The database was created by Simon Dooms, who came up with the idea of using data from Twitter when anyone post that they an IMDB movie. At the moment (December 2020), the database used in the web appp has ratings up to September 2020.
- In order to install the code and deploy the app locally please download from Github:
git clone https://github.com/alibekU/movies_recommendations.git
. - You may want to set up a new virtual environment:
python3 -m venv /path/to/new/virtual/environment
- Then, use pip to install all the needed packages:
pip install -r requirements.txt
To run the web app locally after downloading files, go to the the 'movies_recommendations/' folder and:
-
Run this command:
python run.py
-
Go to http://0.0.0.0:3001/
To rebuild a movie recommendations list:
- Change the
global_database_filepath
parameter in theglobal_parameters.py
file, which will be the name of the database file with recommendations. - Make any other changes to the parameters in that file or to the algorithm in the
create_recommendations.py
file. - Run
python create_recommendations.py
command to create new recommendations - Run the web app locally as described above in 'Usage'.
| data\
|- movies.dat - data on the movies from https://github.com/sidooms/MovieTweetings
|- ratings.dat - data on the ratings by users from https://github.com/sidooms/MovieTweetings
| recommendation_database\ - database files with movie recommendations generated by create_recommendations.py
| run.py - the main script of Flask web app
| process_data.py - functions to clean data, select movies and determine similar movies for each selected movie
| global_parameters.py - global parameters used
| templates\
|- index.html - main html page template
|- results.html - a template for displaying results
| static\
|- stylesheets\
|-- styles.css - CSS file with styles
| requirements.txt - a list of required PIP packages, result of pip freeeze
command
| Procfile - code for Flask app launch at Heroku
| analysis.ipynb - a Jupyter notebook with data exploration
| README.md - readme file
To decide how movies are similar to each other I did the following:
- Calculated user ratings similarity score between all pairs of movies by using the linear kernel function (https://scikit-learn.org/stable/modules/metrics.html#linear-kernel, and it is basically cosine similarity without norming) on each column of user-movie ratings matrix built from the ratings data
- Calculated how many common reviewers are between each pair of movies, and used this information to:
-
- Avoid comparing movies that have less than 5 common reviewers to avoid coincedental high score
-
- Divide the each score from step 1 by corresponding number of common reviewers to have an average product of scores rather than the sum of products.

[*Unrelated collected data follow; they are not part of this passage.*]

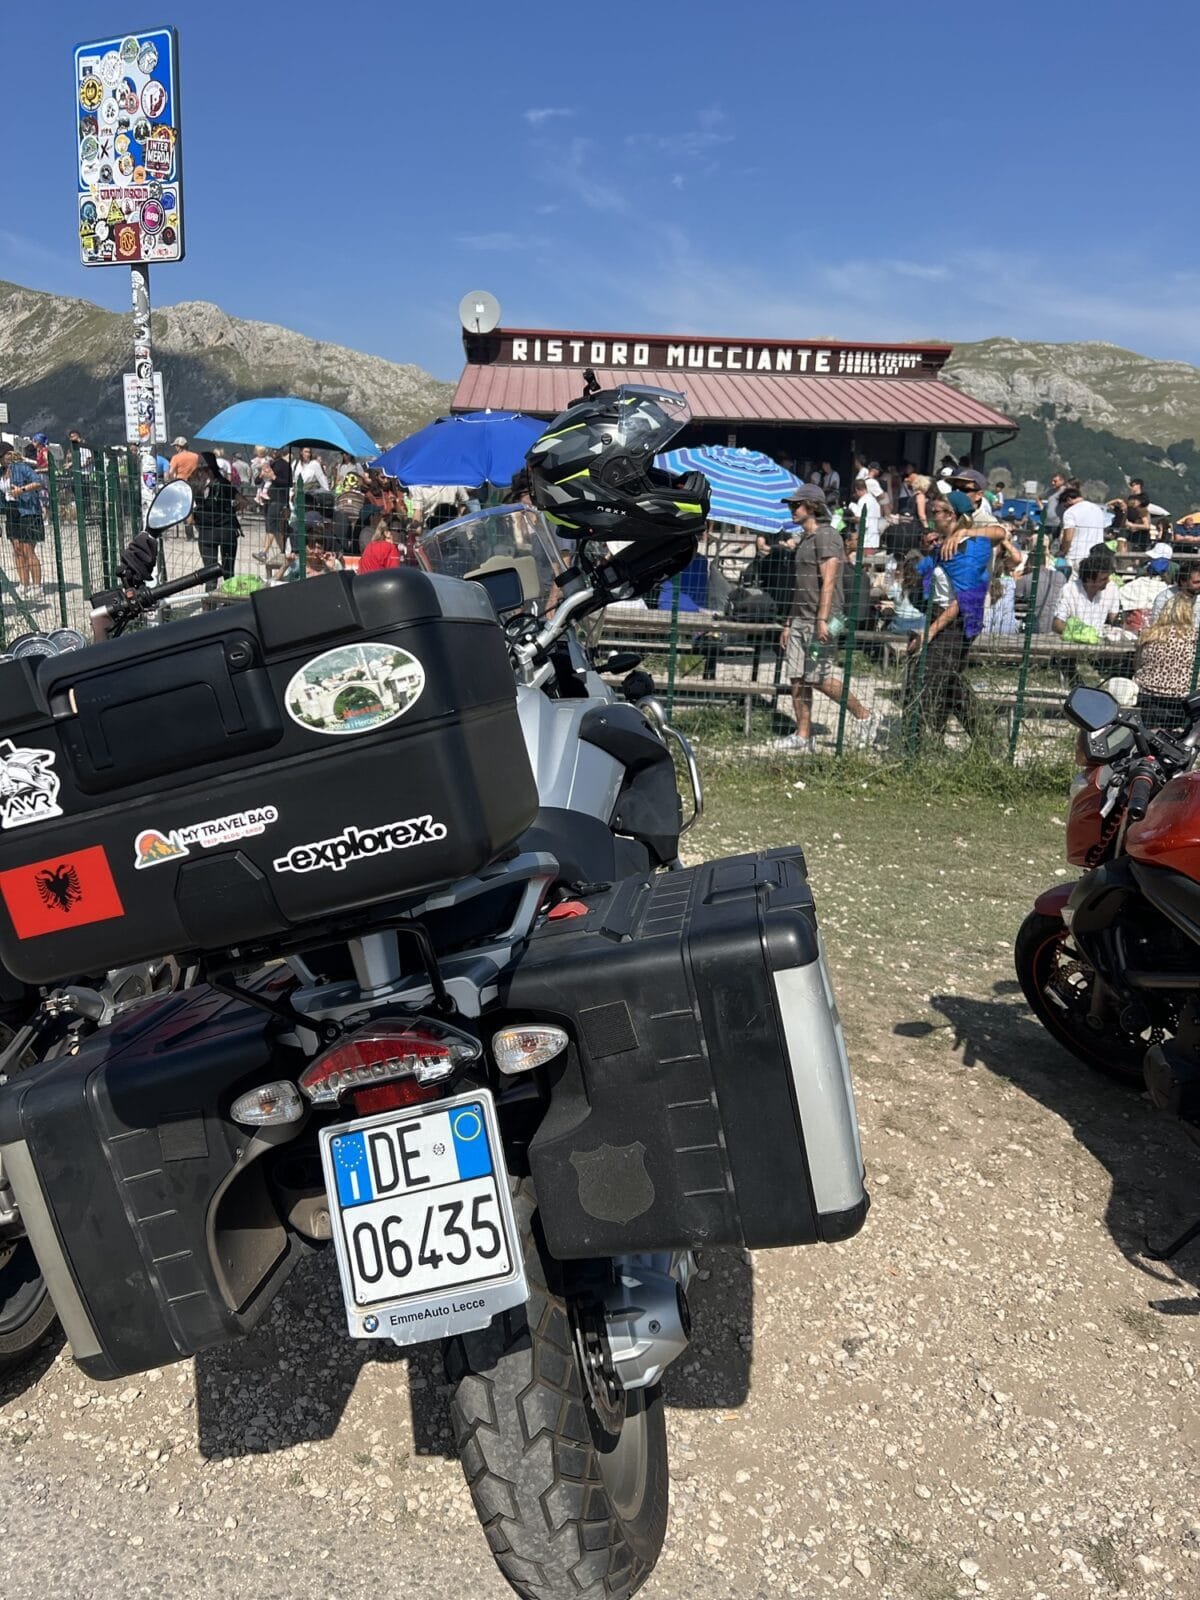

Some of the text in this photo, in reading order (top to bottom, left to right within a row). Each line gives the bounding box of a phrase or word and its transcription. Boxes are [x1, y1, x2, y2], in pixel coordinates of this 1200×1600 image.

[147, 150, 170, 164] MERDA
[150, 140, 168, 151] INTER
[512, 338, 832, 373] RISTORO MUCCIANTE
[838, 357, 916, 368] ARROSTICINI
[838, 365, 899, 375] FORMAGGI
[8, 793, 52, 818] AWR
[182, 809, 275, 842] MY TRAVEL BAG
[368, 1122, 430, 1194] DE
[353, 1193, 501, 1284] 06435
[390, 1298, 486, 1326] EmmeAuto Lecce

This allows to avoid popular movies with many reviews being identified as most similar just because they have a large score in step 1.
- Calculated movie genres similarity score between all pairs of movies by using cosine distance between each movie's genres and added these scores to the user ratings similarity score with weights to get the final score (weights are defined in global_parameters.py)
- For each movie then selected N (defined in global_parameters.py) movies with highest resulting scores.
The results were not measured at this point as I didn't come with a proper way for it. The problem is that there is no single correct way to compute similarity of the movies, and computing similarity in one way, and then testing it with some other formula does not make sense. What does it mean for two movies to be similar? It means that people will find these two movies alike, and if they enjoyed one movie, they are likely to enjoy the other, and the opposite goes for the case they disliked one of the movies. The best way to measure quality of such a tool is to conduct a user study and ask people to rate the recommendations. At this point this metric on a small set of users (basically my friends) look alright.
Alibek Utyubayev.
Linkedin: https://www.linkedin.com/in/alibek-utyubayev-74402721/
Credits to research of Simon Dooms (https://github.com/sidooms/MovieTweetings) for the collected data on movies which is used in the app, and to https://github.com/LukasSliacky/Flask-Autocomplete for the autocomplete and Flask integration.
Listed in requirements.txt file:
click==7.1.2
Flask==1.1.2
gunicorn==20.0.4
itsdangerous==1.1.0
Jinja2==2.11.2
joblib==0.17.0
llvmlite==0.34.0
MarkupSafe==1.1.1
numpy==1.19.4
pandas==1.1.4
python-dateutil==2.8.1
pytz==2020.4
scikit-learn==0.23.2
scipy==1.5.4
six==1.15.0
sklearn==0.0
SQLAlchemy==1.3.20
threadpoolctl==2.1.0
Werkzeug==1.0.1
WTForms==2.3.3